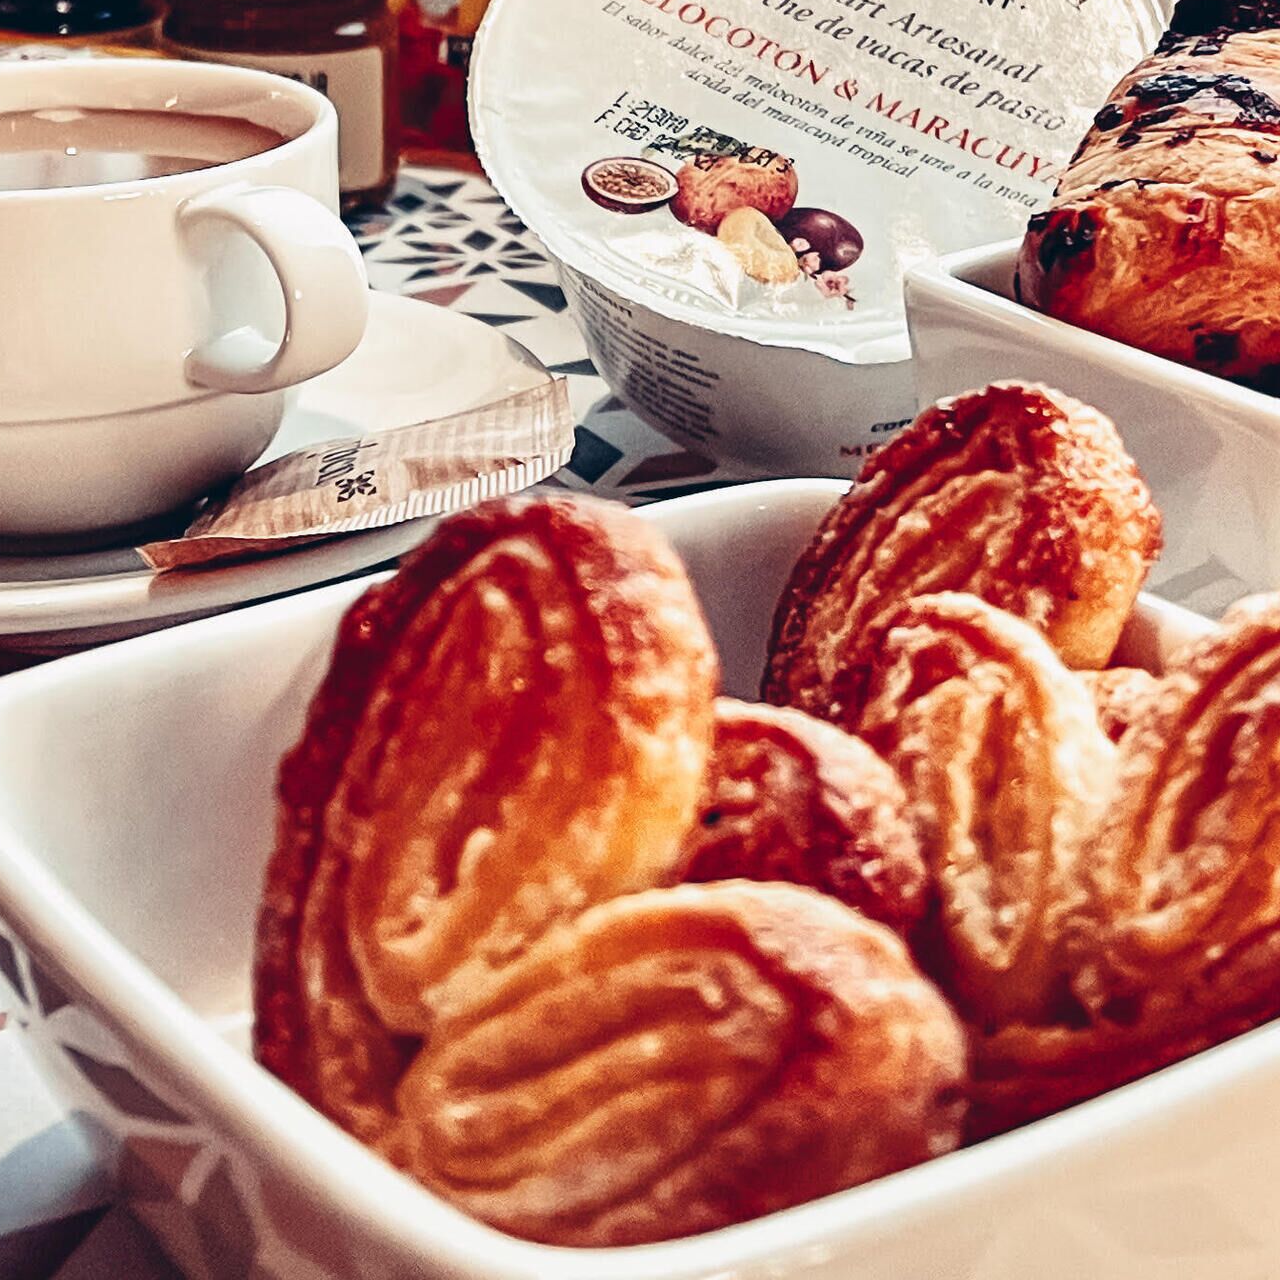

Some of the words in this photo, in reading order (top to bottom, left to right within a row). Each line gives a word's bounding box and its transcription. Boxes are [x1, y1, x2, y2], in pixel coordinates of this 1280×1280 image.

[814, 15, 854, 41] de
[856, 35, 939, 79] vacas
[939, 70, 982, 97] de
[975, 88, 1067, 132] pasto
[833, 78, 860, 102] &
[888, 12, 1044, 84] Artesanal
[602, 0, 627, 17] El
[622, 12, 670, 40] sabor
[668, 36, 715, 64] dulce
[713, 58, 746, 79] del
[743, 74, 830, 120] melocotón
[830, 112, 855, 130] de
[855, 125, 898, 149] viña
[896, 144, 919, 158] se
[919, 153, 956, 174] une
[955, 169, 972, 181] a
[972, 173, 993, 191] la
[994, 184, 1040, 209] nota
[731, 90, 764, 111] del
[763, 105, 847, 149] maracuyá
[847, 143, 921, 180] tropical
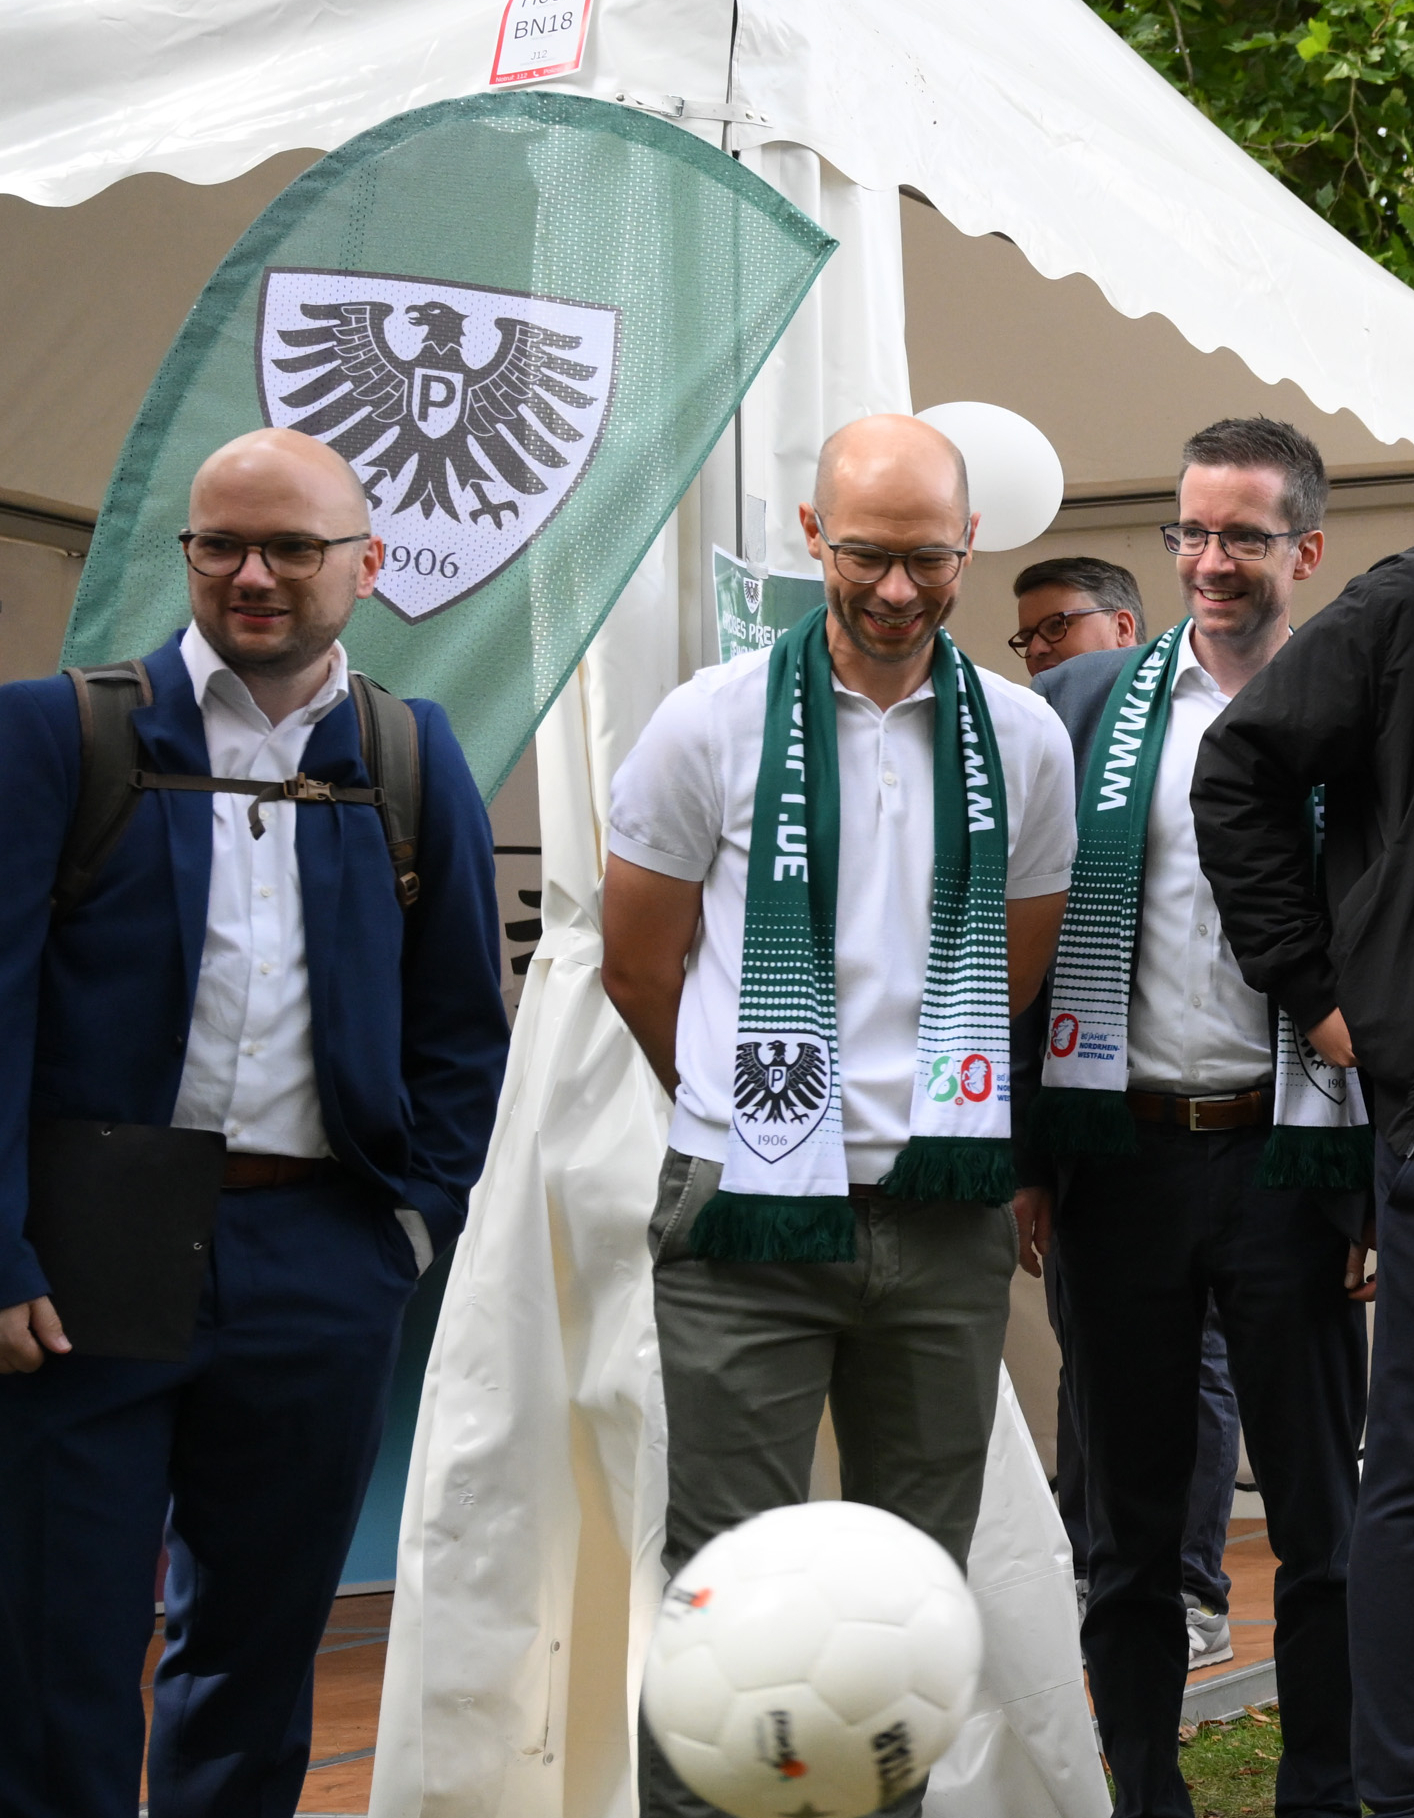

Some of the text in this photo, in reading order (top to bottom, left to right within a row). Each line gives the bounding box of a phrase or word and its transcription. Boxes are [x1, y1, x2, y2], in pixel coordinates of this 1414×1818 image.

###

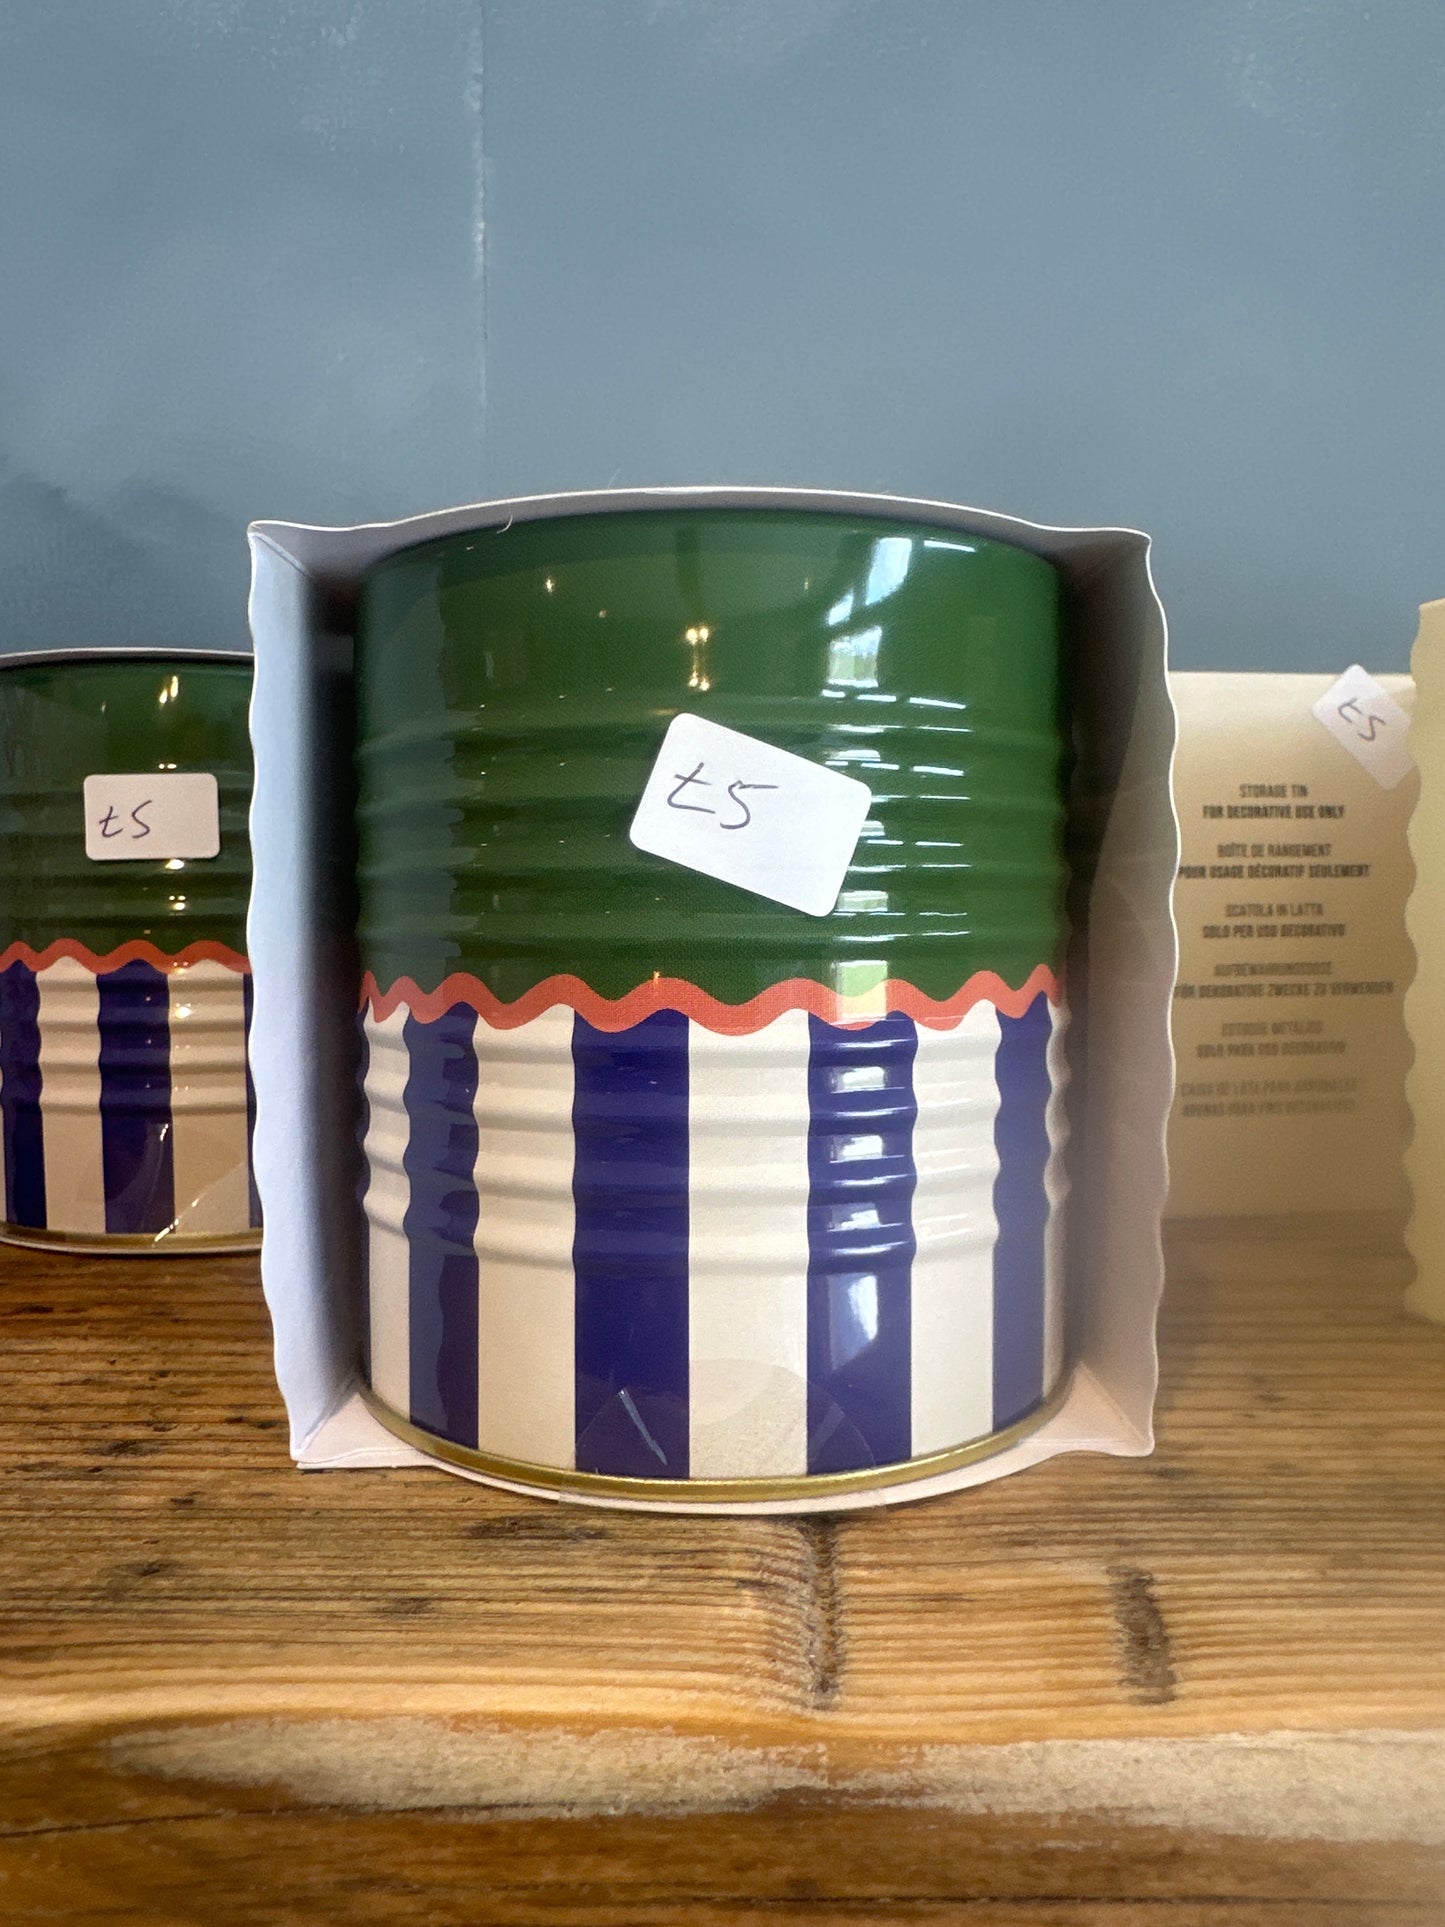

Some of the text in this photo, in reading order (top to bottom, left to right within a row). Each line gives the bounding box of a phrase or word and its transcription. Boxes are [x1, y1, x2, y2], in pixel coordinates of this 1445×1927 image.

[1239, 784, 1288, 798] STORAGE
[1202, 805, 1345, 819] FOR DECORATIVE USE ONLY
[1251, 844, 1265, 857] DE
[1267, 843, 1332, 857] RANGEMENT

###

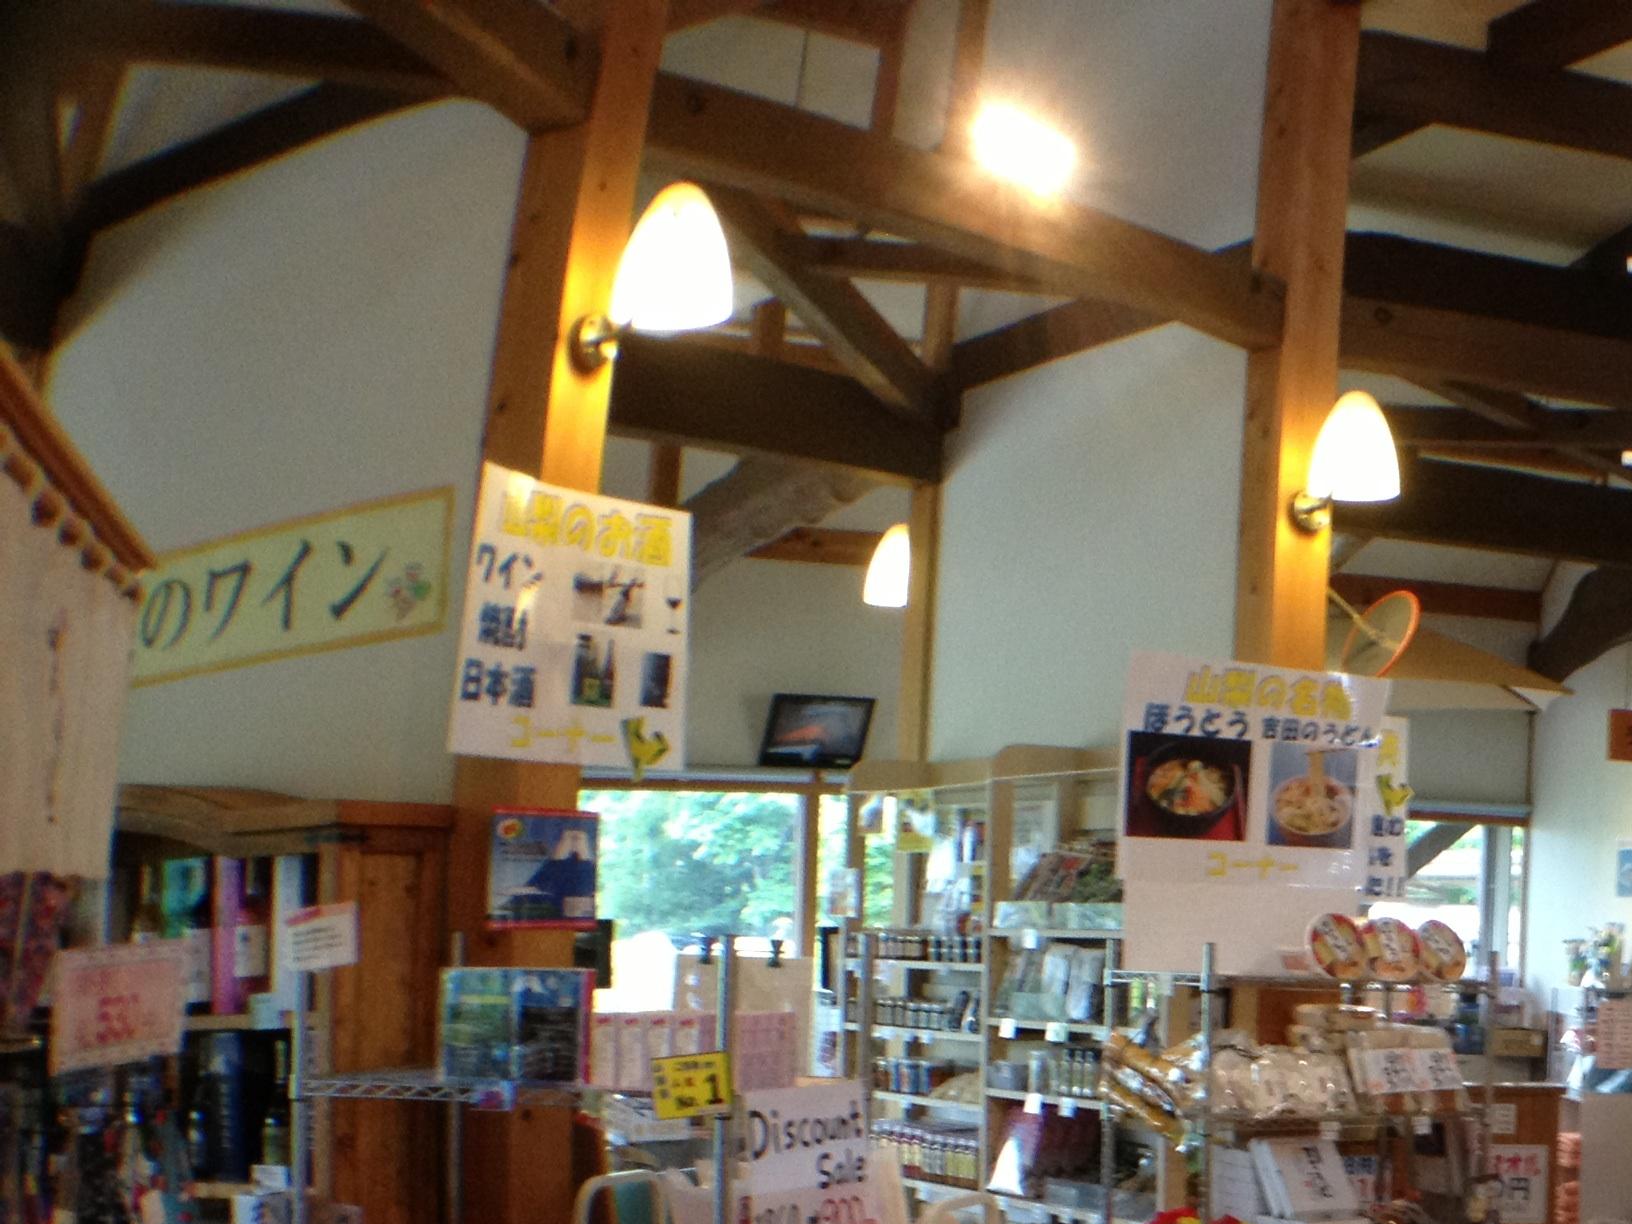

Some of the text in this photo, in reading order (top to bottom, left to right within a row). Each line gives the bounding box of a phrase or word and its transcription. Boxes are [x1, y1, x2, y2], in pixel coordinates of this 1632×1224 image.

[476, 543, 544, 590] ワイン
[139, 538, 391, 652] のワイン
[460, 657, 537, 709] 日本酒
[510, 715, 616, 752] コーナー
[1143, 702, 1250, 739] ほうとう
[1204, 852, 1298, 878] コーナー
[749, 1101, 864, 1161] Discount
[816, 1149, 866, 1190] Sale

###

EXERCISE BRIEF
The material above holds pictures; leave them out. Repeat exactly the lines from the one containing "Some of the words" through the one containing "this 1414×1818 image.", and nothing else.

RESPONSE TO THIS TASK
Some of the words in this photo, in reading order (top to bottom, left to right within a row). Each line gives a word's bounding box and its transcription. Boxes are [x1, y1, x2, y2], in pixel coordinates of this 1280×1280 image.

[814, 15, 854, 41] de
[856, 35, 939, 79] vacas
[939, 70, 982, 97] de
[975, 88, 1067, 132] pasto
[833, 78, 860, 102] &
[888, 12, 1044, 84] Artesanal
[602, 0, 627, 17] El
[622, 12, 670, 40] sabor
[668, 36, 715, 64] dulce
[713, 58, 746, 79] del
[743, 74, 830, 120] melocotón
[830, 112, 855, 130] de
[855, 125, 898, 149] viña
[896, 144, 919, 158] se
[919, 153, 956, 174] une
[955, 169, 972, 181] a
[972, 173, 993, 191] la
[994, 184, 1040, 209] nota
[731, 90, 764, 111] del
[763, 105, 847, 149] maracuyá
[847, 143, 921, 180] tropical

Some of the text in this photo, in reading order (top to bottom, left to right within a row). Each line gives the bounding box of a phrase or word and its transcription. Boxes are [x1, y1, x2, y2], in pixel coordinates of this 1414×1818 image.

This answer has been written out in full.